I thought I could change paste0(i,".bmp") to paste0(names(i),".bmp") but that just saves the first one, with no name at all.

It looks like you can give names that are just integers in How to save and name multiple plots with R but I want the names of the variables from the list or the two numerics N and B in delm2.

It looks from Saving a list of plots by their names() like this would be easier with ggplot output but ggsave didn't work on one glm.diag.plots output.


Solution

  • (Disregard my previous suggestion using Map.)

    The big takeaway is how to derive the formula dynamically. One way is with as.formula, which takes a string and converts into a formula that can be used in a model-generating function (for example).

    One problem with using lapply(as.list(delm2[,c('N','B')]), ...) is that the remainder of the data (i.e., columns t1 and t3) are not passed, just one vector at a time. (I'm wondering if your reference to del is a typo, un-released/hidden data, or something else.)

    Try this:

    lapply(c("N", "B"), function(nm) {
      bmp(filename = paste(nm, ".bmp"), width = 350, height = 400)
      glm.diag.plots(glm(as.formula(paste(nm, "~ t1*t3")), data = delm2))
      dev.off()
    })
    

    In general, I don't like breaching scope inside these functions. That is, I try to not reach outside lapply for data when I can pass it fairly easily. The above in a pedantic-language way could look like:

    lapply(c("N", "B"), function(nm, x) {
      bmp(filename = paste(nm, ".bmp"), width = 350, height = 400)
      glm.diag.plots(glm(as.formula(paste(nm, "~ t1*t3")), data = x))
      dev.off()
    }, x = delm2)
    

    While this preserves scope, it may be confusing if you do not understand what is going on.

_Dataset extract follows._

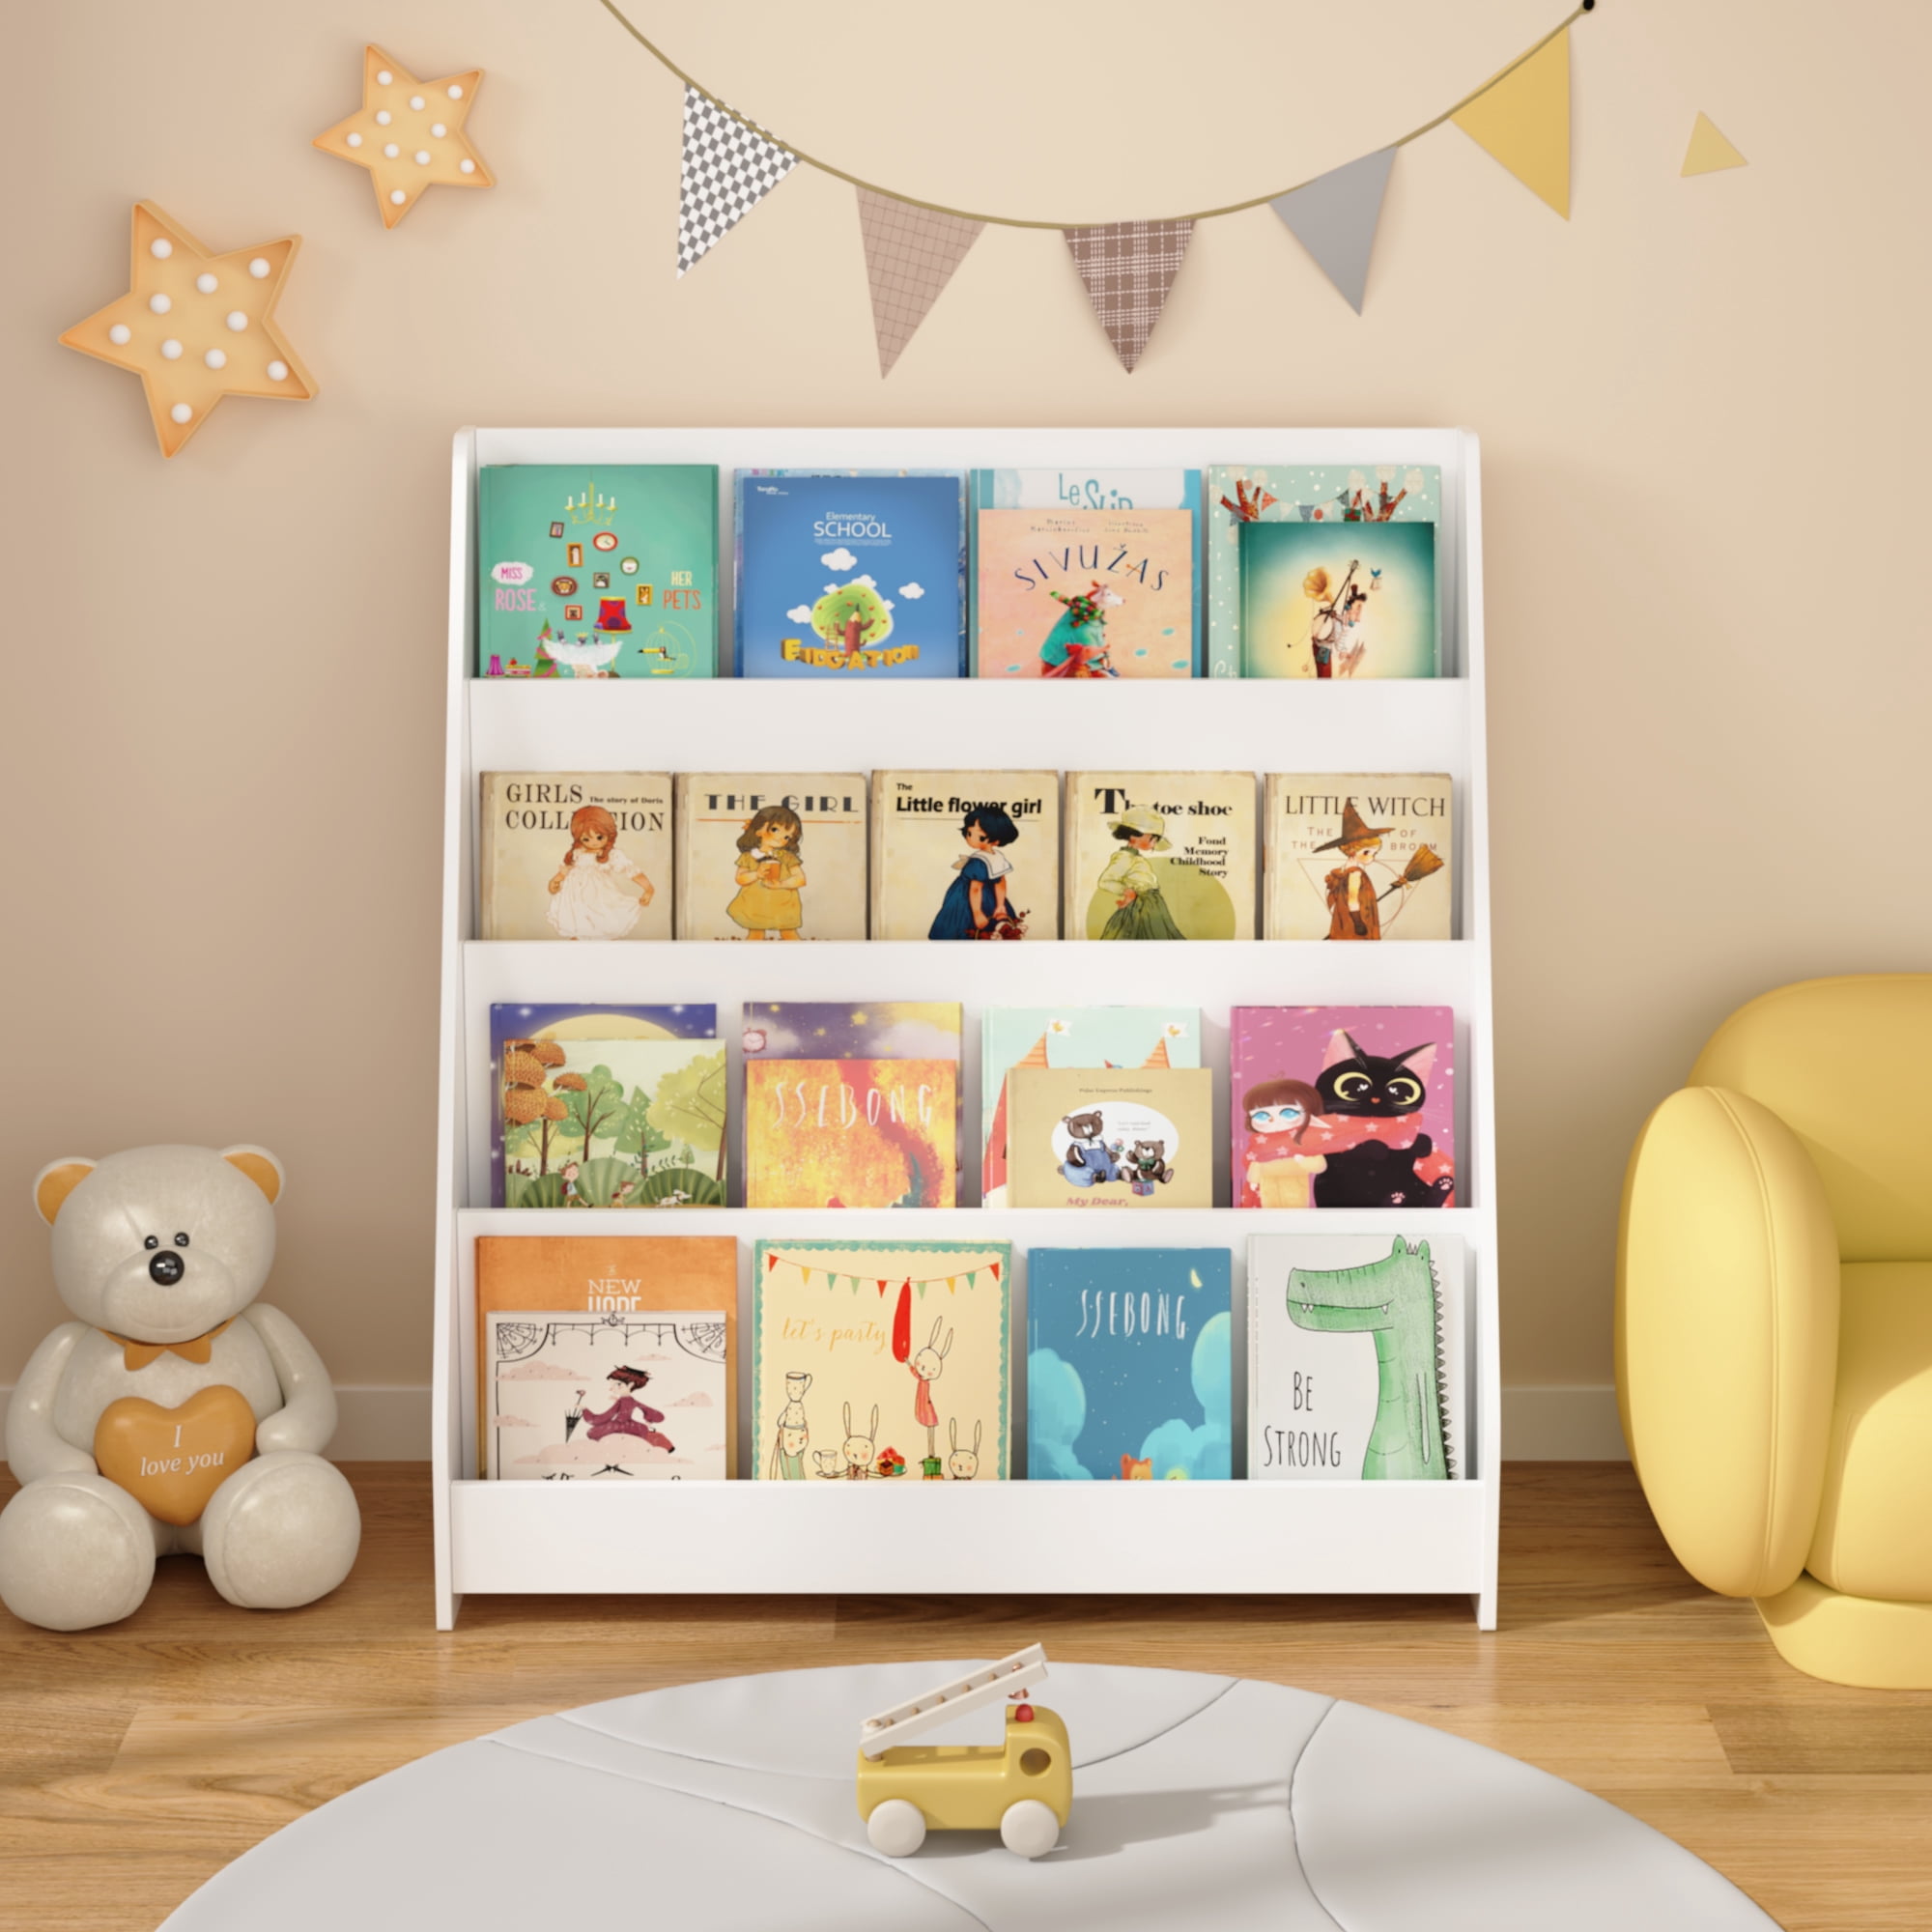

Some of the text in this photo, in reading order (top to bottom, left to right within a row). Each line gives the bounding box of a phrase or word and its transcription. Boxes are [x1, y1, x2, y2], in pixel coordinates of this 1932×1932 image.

    This might be a great time to use for instead of one of the *apply* functions. Everything you want is in side-effect, and since for and *apply are effectively the same speed, you gain readability:

    for (nm in c("N", "B")) {
      bmp(filename = paste(nm, ".bmp"), width = 350, height = 400)
      glm.diag.plots(glm(as.formula(paste(nm, "~ t1*t3")), data = delm2))
      dev.off()
    }
    

    (In this case, there is no "scope breach", so I used the original variable.)


    Parenthetically, to tie-in my now-edited-out and incorrect answer that included Map. Here's an example using Map that does more to demonstrate what Map (and mapply) are doing, vice actually improving on your immediate need.

    If for some reason you wanted them named something distinct from "N.bmp", you could do this:

    Map(function(fn, vn, x) {
      bmp(filename = paste(nm, ".bmp"), width = 350, height = 400)
      glm.diag.plots(glm(as.formula(paste(nm, "~ t1*t3")), data = x))
      dev.off()
    }, c("N2.bmp", "b3456.bmp"), c("N", "B"), list(delm2))
    

    Two things to note from this:

    • The use of list(delm2) is to wrap that structure into a single "thing" that is passed repeated to the mapped function. If we did just delm2 (no list(...)), then it would try to use the first column of delm2 with each of the first elements. This might be useful in other scenarios, but in your glm example you need other columns present, so you cannot include just one column at a time. (Well, there are ways to do that, too ... but important at the moment.)
    • The first time the anonymous function is called, fn is "N2.bmp", vnis"N", andxis the full dataset ofdelm2. The second time the anon-func is called,fnis"b3456.bmp",vnis"B", andxis again the full dataset ofdelm2`.

    I label this portion "parenthetic" because it really doesn't add to this problem, but since I started that way in my first-cut answer, I thought I'd continue with the methodology, the "why" of my choice of Map. In the end, I think the for solution or one of the lapply solutions should be fine for you.